Sickle cell disease (SCD) is an inflammatory disease that can result in both chronic and acute inflammation. Immature granulocytes (IG) are not-yet-mature white blood cells that can be easily detected in complete blood count (CBC) tests. In recent studies it has been suggested that IG may play a role in determining the prognosis of inflammatory diseases. The aim of our study was to investigate the role of IG percentage on predicting acute chest syndrome (ACS) and the severity of vaso-occlusive crisis (VOC) in patients with SCD. The study cohort consisted of 49 SCD patients admitted to the emergency department for VOC. If symptoms did not regress despite appropriate treatment including hydration and analgesia, they were hospitalized. Patients whose symptoms regressed were discharged from the emergency department within 24 hours. Blood samples, including CBC and C-reactive protein (CRP), a marker of inflammation, were taken within the first hour of admission. Steady state laboratory parameters from the previous visit in the last three months were collected from patient files. The mean age was 18±4 (range 8-25) years. Most were hospitalized (41/49; 83.7%) and 8 of 49 were discharged from the emergency department after their treatment for VOC. ACS developed in 13 of 49 (26.5%).

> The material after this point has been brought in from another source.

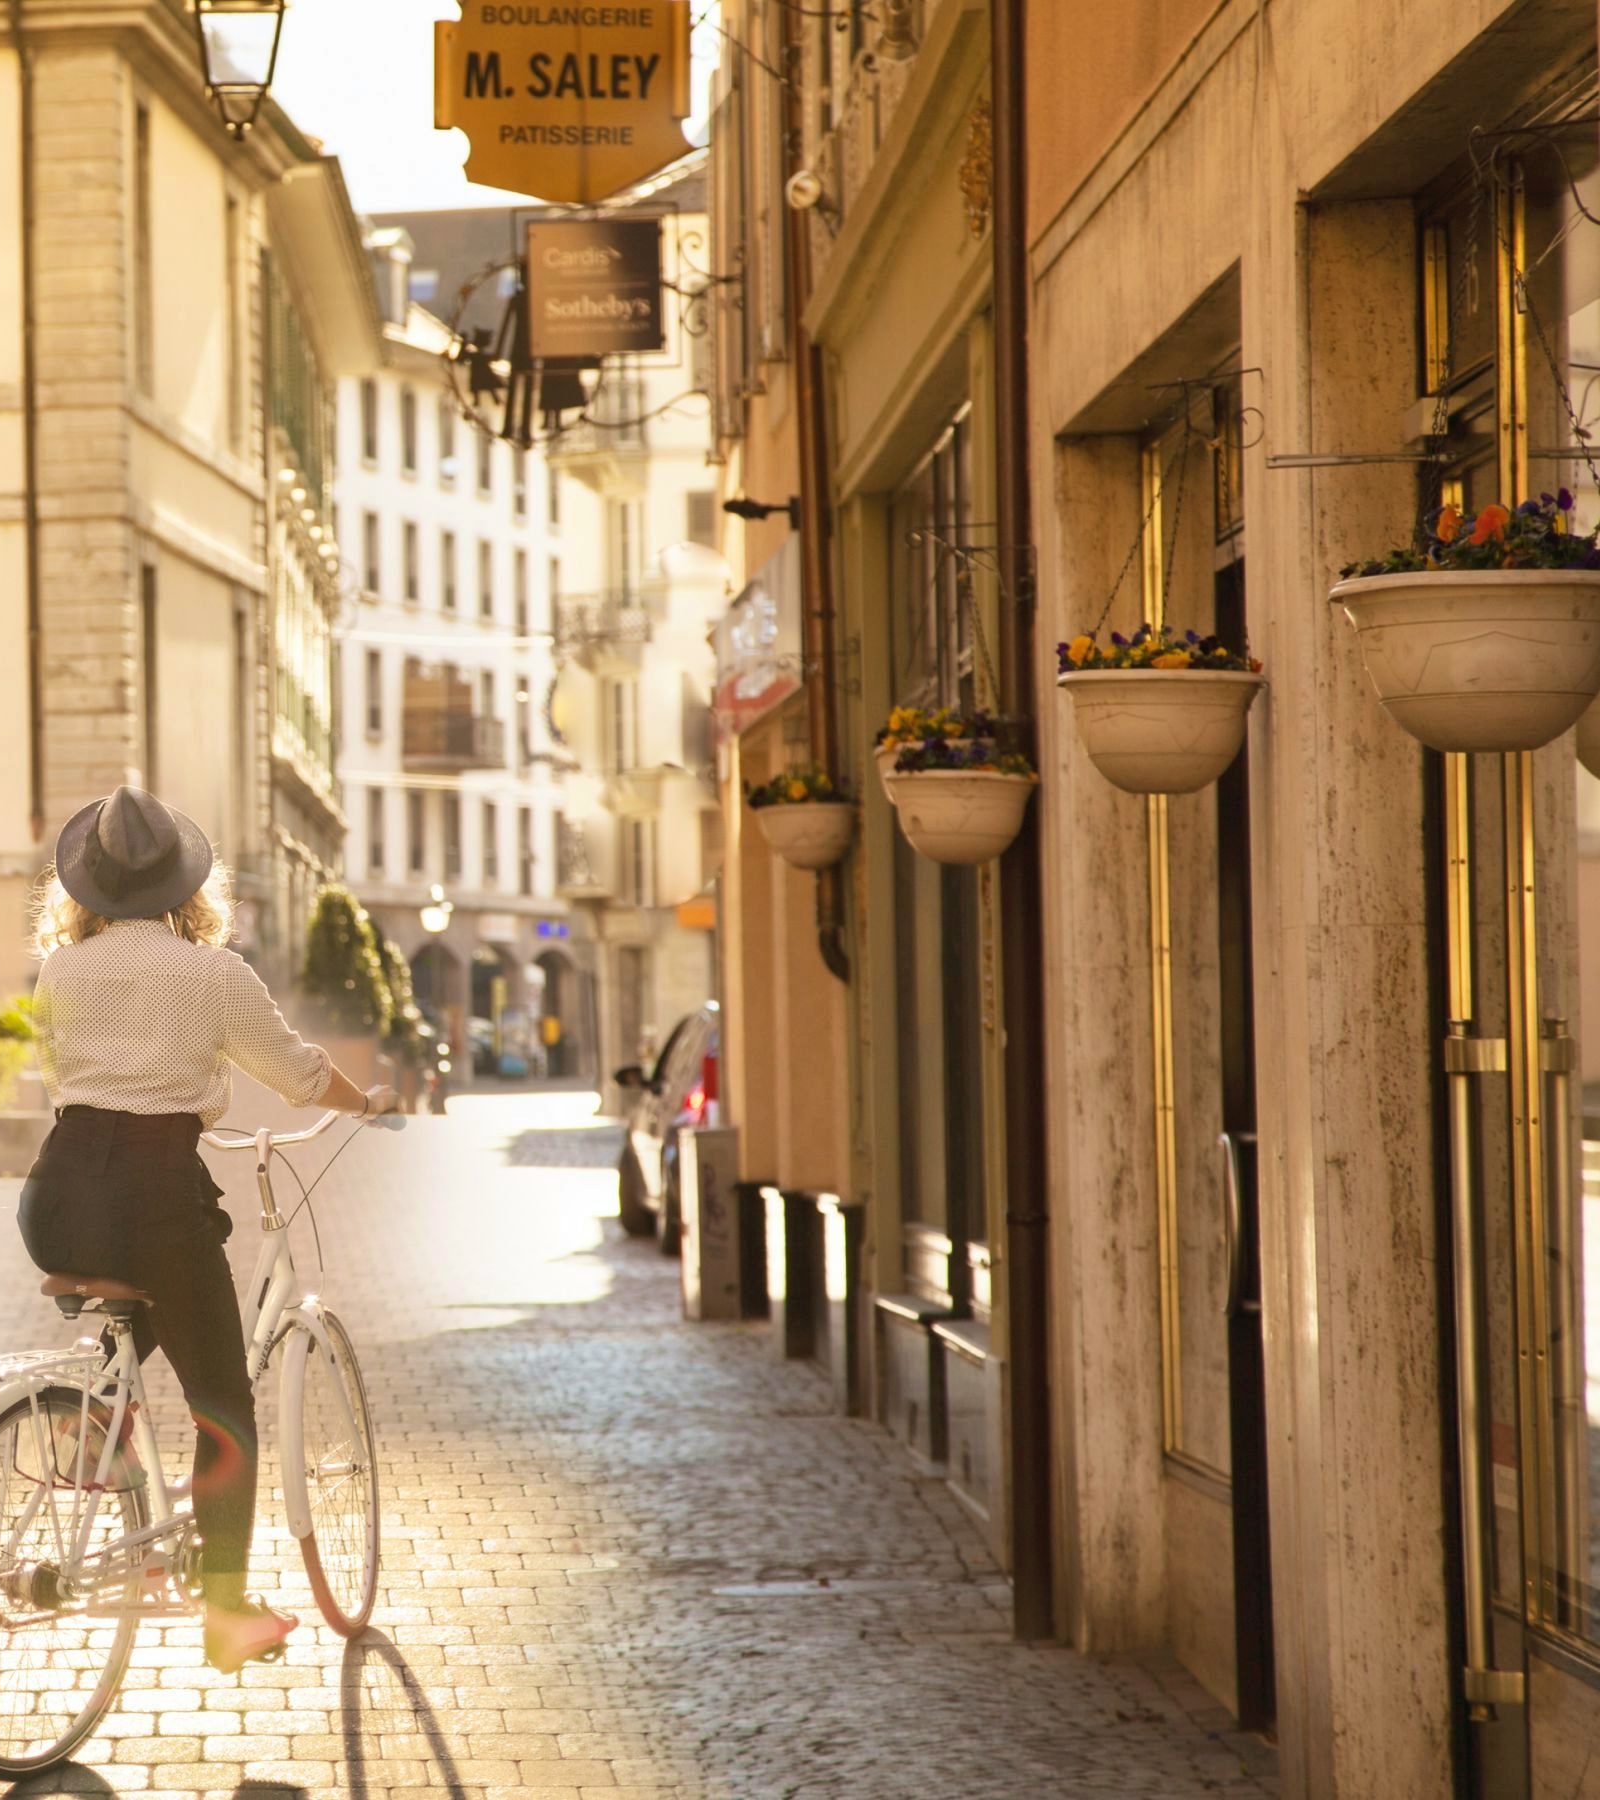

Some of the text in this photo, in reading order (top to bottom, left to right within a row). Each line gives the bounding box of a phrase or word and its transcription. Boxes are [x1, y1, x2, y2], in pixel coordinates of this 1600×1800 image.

[481, 5, 654, 28] BOULANGERIE
[464, 52, 661, 99] M. SALEY
[499, 125, 634, 146] PATISSERIE
[255, 1330, 275, 1382] MINERVA

White blood cell, neutrophil and nucleated red blood cell counts, percentage of IG (IG%) and CRP levels were significantly increased in patients with VOC. IG% of patients with ACS was significantly higher than patients without ACS. However, ROC analysis showed that IG% was not associated with the development of ACS or hospitalization for VOC. Despite a small SCD cohort, the significant increase in the IG% in patients with VOC compared to their baseline values has suggested a role for IG% in predicting VOC. Although IG% was higher in ACS, its utility in predicting ACS was poor.